Regras de aplicação e resgate 24 horas

A praticidade é o pilar que sustenta o lançamento deste título. Pela primeira vez, o Tesouro Direto oferece uma experiência de resgate e aplicação que funciona 24 horas por dia, sete dias por semana. Isso inclui a possibilidade de movimentações via Pix, eliminando a espera de dias úteis para o dinheiro cair na conta em caso de necessidade.

  • Vencimento: O título possui um prazo de vencimento de 3 anos.
  • Liquidez: O investidor pode fazer o resgate a qualquer momento, de forma imediata e sem descontos penais.
  • Acessibilidade: O aporte mínimo é de apenas R$ 1.
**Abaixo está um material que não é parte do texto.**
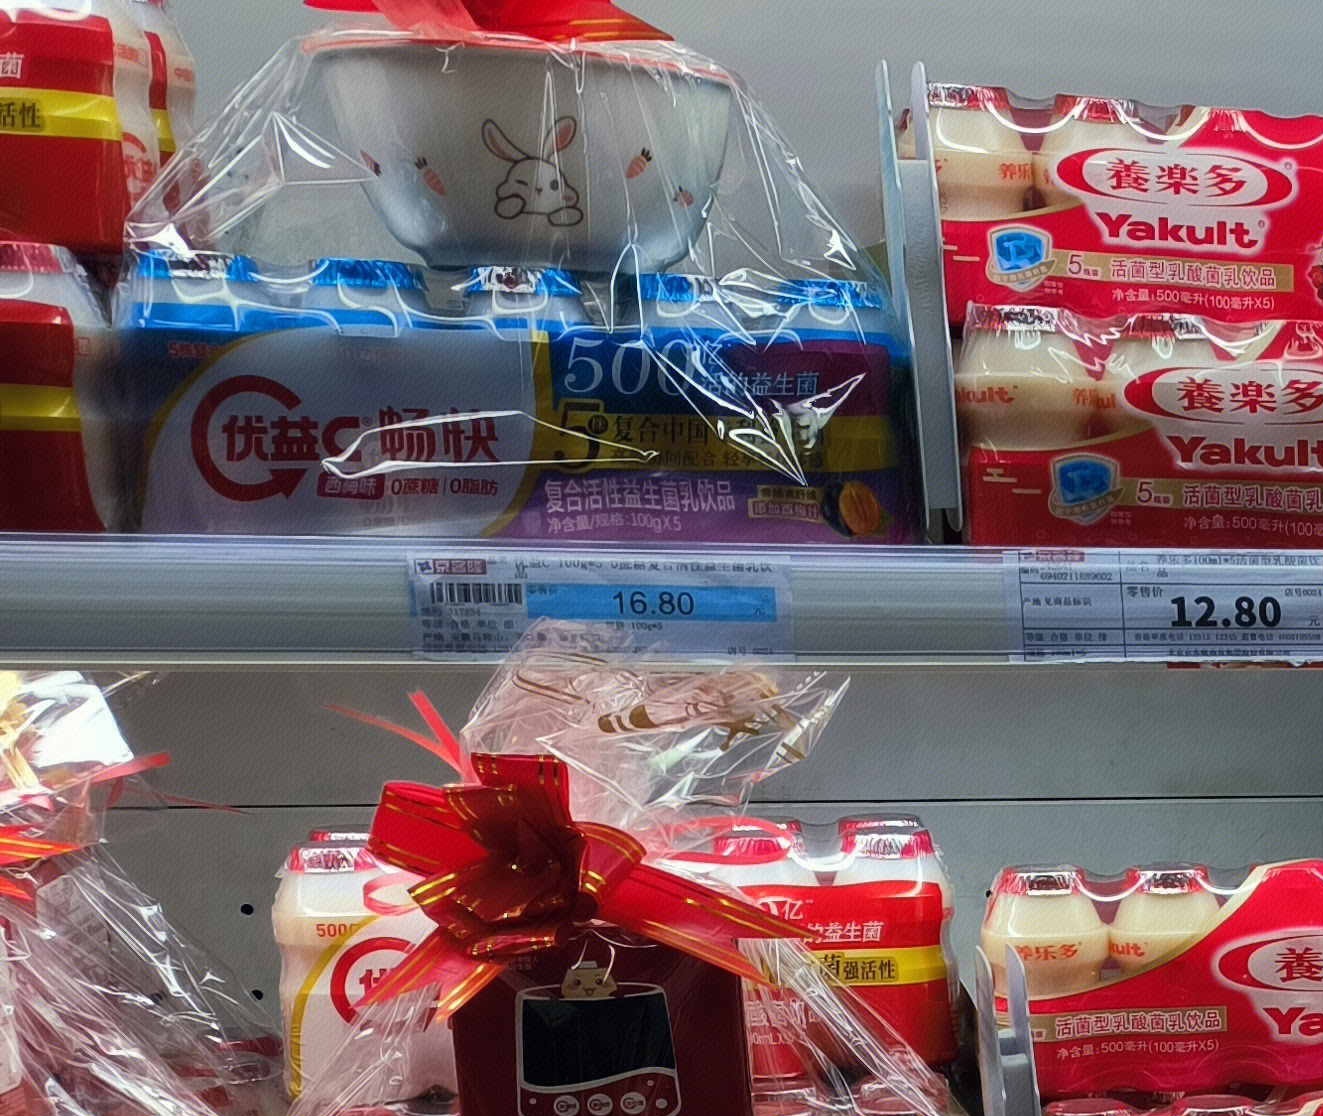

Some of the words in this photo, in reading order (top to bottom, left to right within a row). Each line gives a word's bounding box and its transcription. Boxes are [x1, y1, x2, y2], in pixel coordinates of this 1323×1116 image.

[1095, 212, 1258, 248] Yakult
[1111, 259, 1275, 288] 活菌型乳酸菌乳饮品
[450, 478, 498, 496] 0脂肪
[544, 480, 734, 512] 复合活性益生菌乳饮品
[612, 589, 695, 617] 16.80
[1126, 586, 1163, 598] 零售价
[1170, 595, 1282, 628] 12.80
[844, 958, 897, 983] 强活性
[1055, 1011, 1222, 1040] 活菌型乳酸菌乳饮品
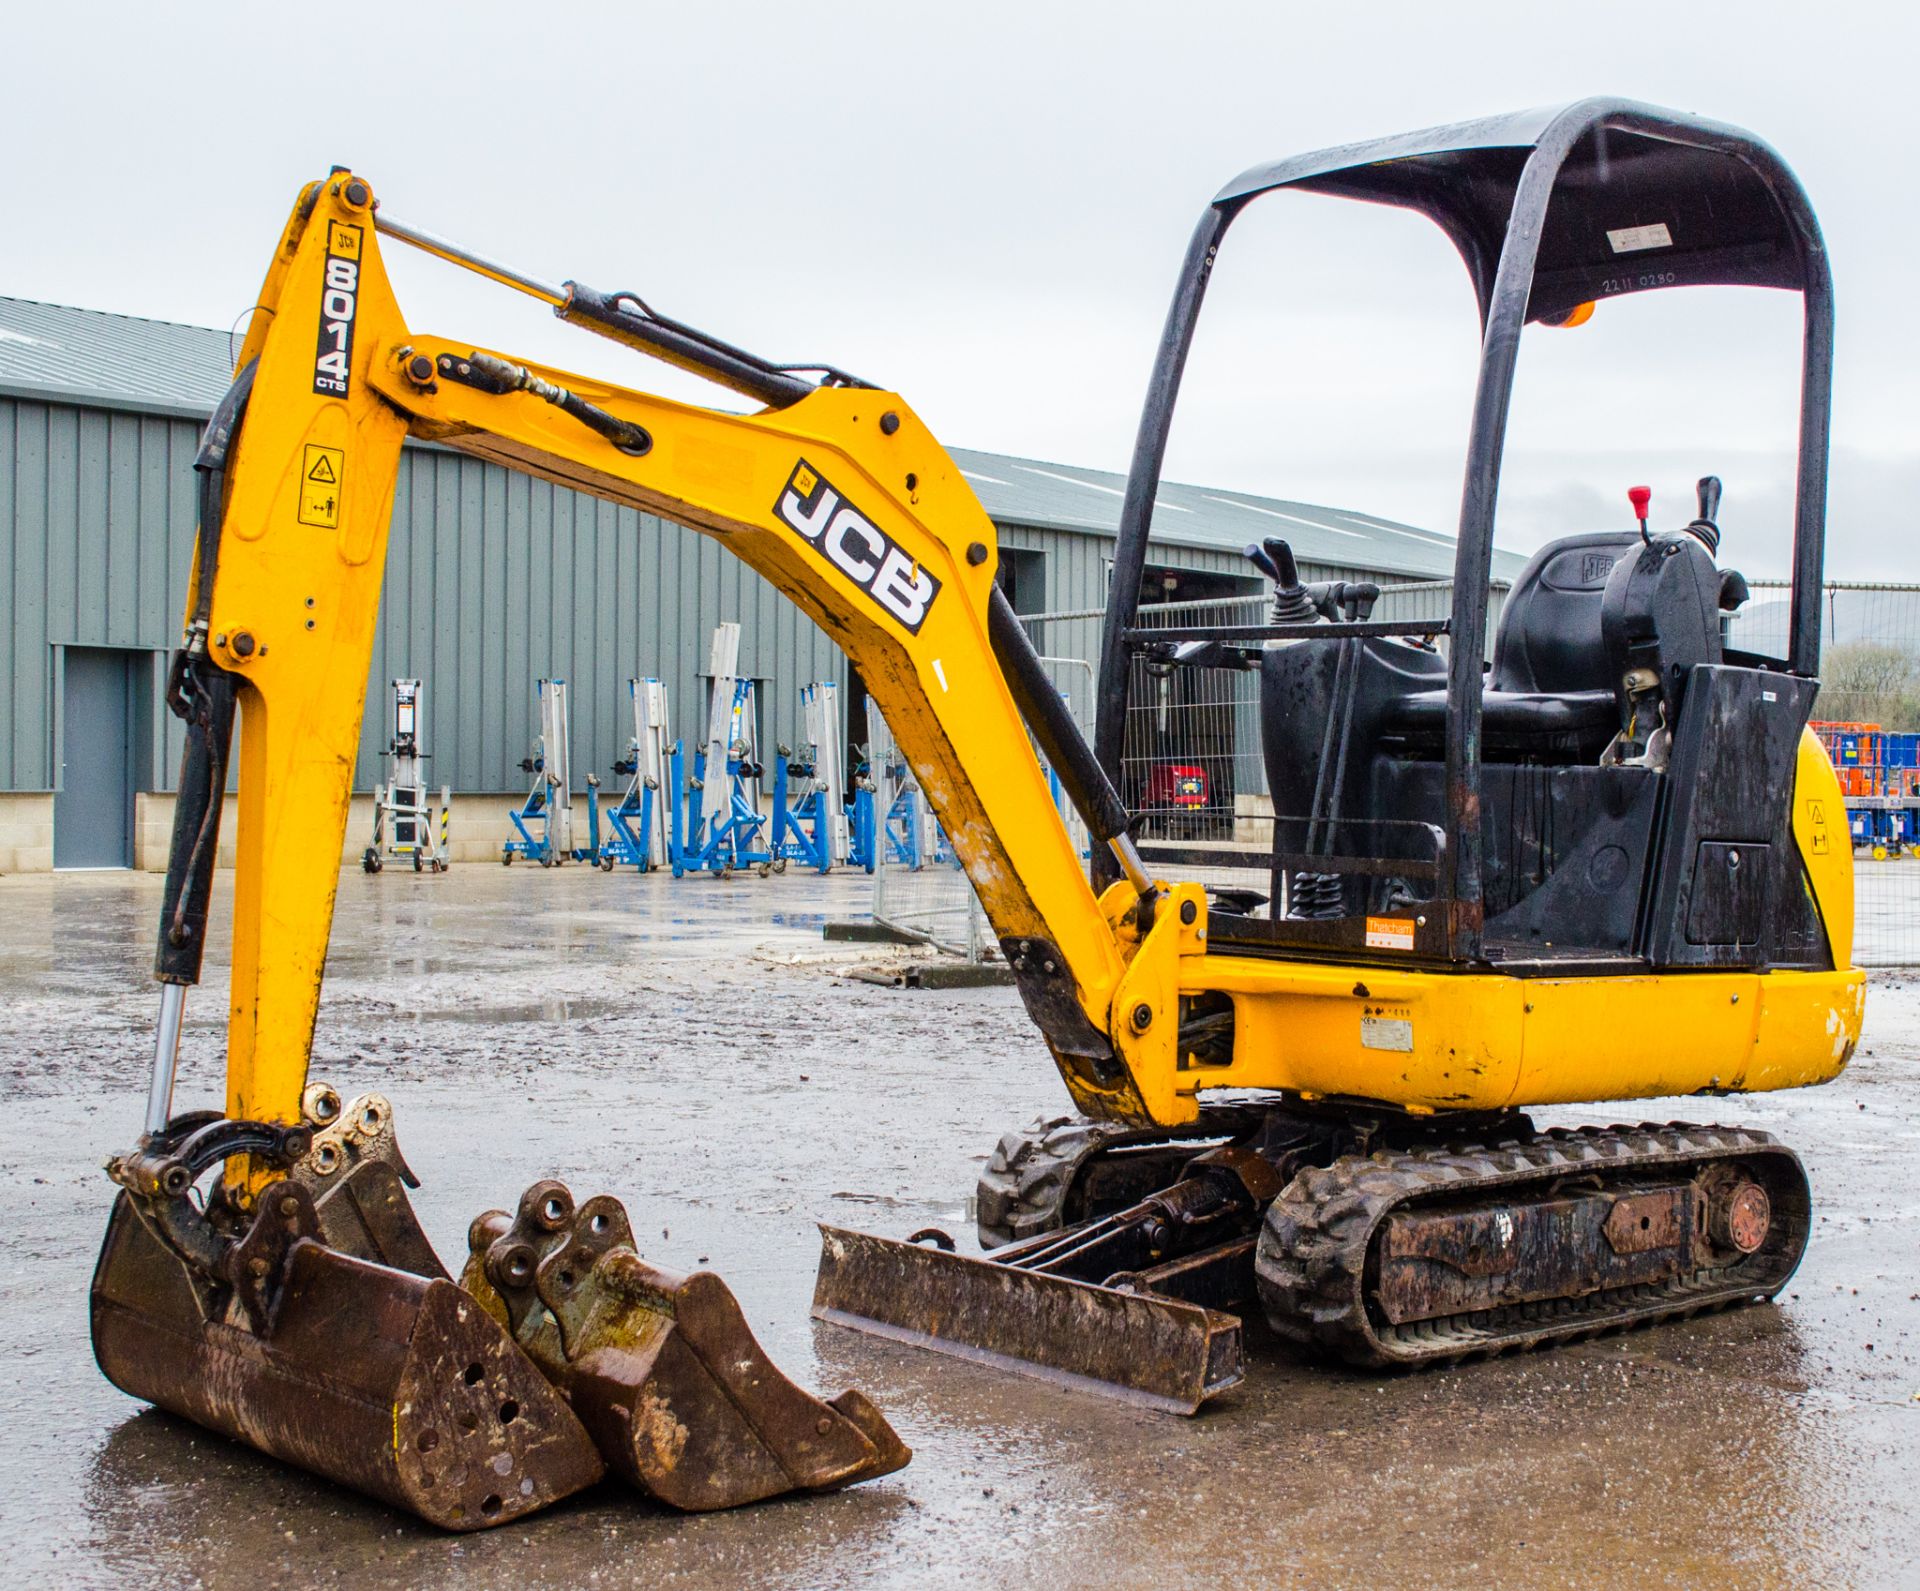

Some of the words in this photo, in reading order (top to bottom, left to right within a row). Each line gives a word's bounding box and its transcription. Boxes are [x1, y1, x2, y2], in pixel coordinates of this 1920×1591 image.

[316, 259, 358, 381] 8014
[316, 376, 347, 392] CTS
[781, 487, 934, 626] JCB
O governo desenhou o sistema para simular a agilidade das contas correntes remuneradas, mas com a camada extra de segurança que apenas o Poder Executivo Federal pode oferecer. Por ser um título público, ele apresenta o menor risco de crédito da economia brasileira, sendo considerado mais seguro do que os CDBs de bancos privados.

Custos, taxas e impostos

Como ocorre com a maioria das aplicações de renda fixa, o novo Tesouro Reserva está sujeito à tributação federal. O Imposto de Renda incide apenas sobre os rendimentos (o lucro) e segue a tabela regressiva padrão:

  • Até 180 dias: 22,5%
  • De 181 a 360 dias: 20%
  • De 361 a 720 dias: 17,5%
  • Acima de 720 dias: 15%

Além do IR, há a incidência de IOF (Imposto sobre Operações Financeiras) caso o resgate ocorra nos primeiros 30 dias após o aporte. Após esse período, o imposto zera. Quanto à taxa de custódia da B3, ela é de 0,20% ao ano, porém existe uma isenção importante: o investidor que mantém até R$ 10 mil aplicados não paga essa cobrança, o que beneficia diretamente o pequeno poupador.

Como começar a investir

Atualmente, o investimento já está disponível integralmente para clientes do Banco do Brasil através de seu aplicativo de investimentos. A liberação para outras instituições financeiras e bancos dependerá da adesão e da implementação técnica de cada player do mercado.

Para quem já é cliente do BB, o processo é intuitivo: basta acessar a área do Tesouro Direto no aplicativo, selecionar a opção “Tesouro Reserva”, definir o valor e confirmar a operação. O Tesouro Nacional espera que, com o sucesso inicial, outras grandes instituições disponibilizem o título rapidamente para seus correntistas.

Uma nova era para a poupança do brasileiro

O lançamento do novo Tesouro Reserva marca um posicionamento forte do Estado na disputa pela poupança do cidadão comum. Ao oferecer segurança máxima, liquidez imediata 24h e um valor de entrada simbólico, o Governo ataca diretamente a ineficiência da poupança tradicional. Para o investidor, o título representa a oportunidade de obter o rendimento da Selic com a simplicidade de uma “caixinha” digital, consolidando-se como uma das melhores escolhas para a reserva de emergência em 2026.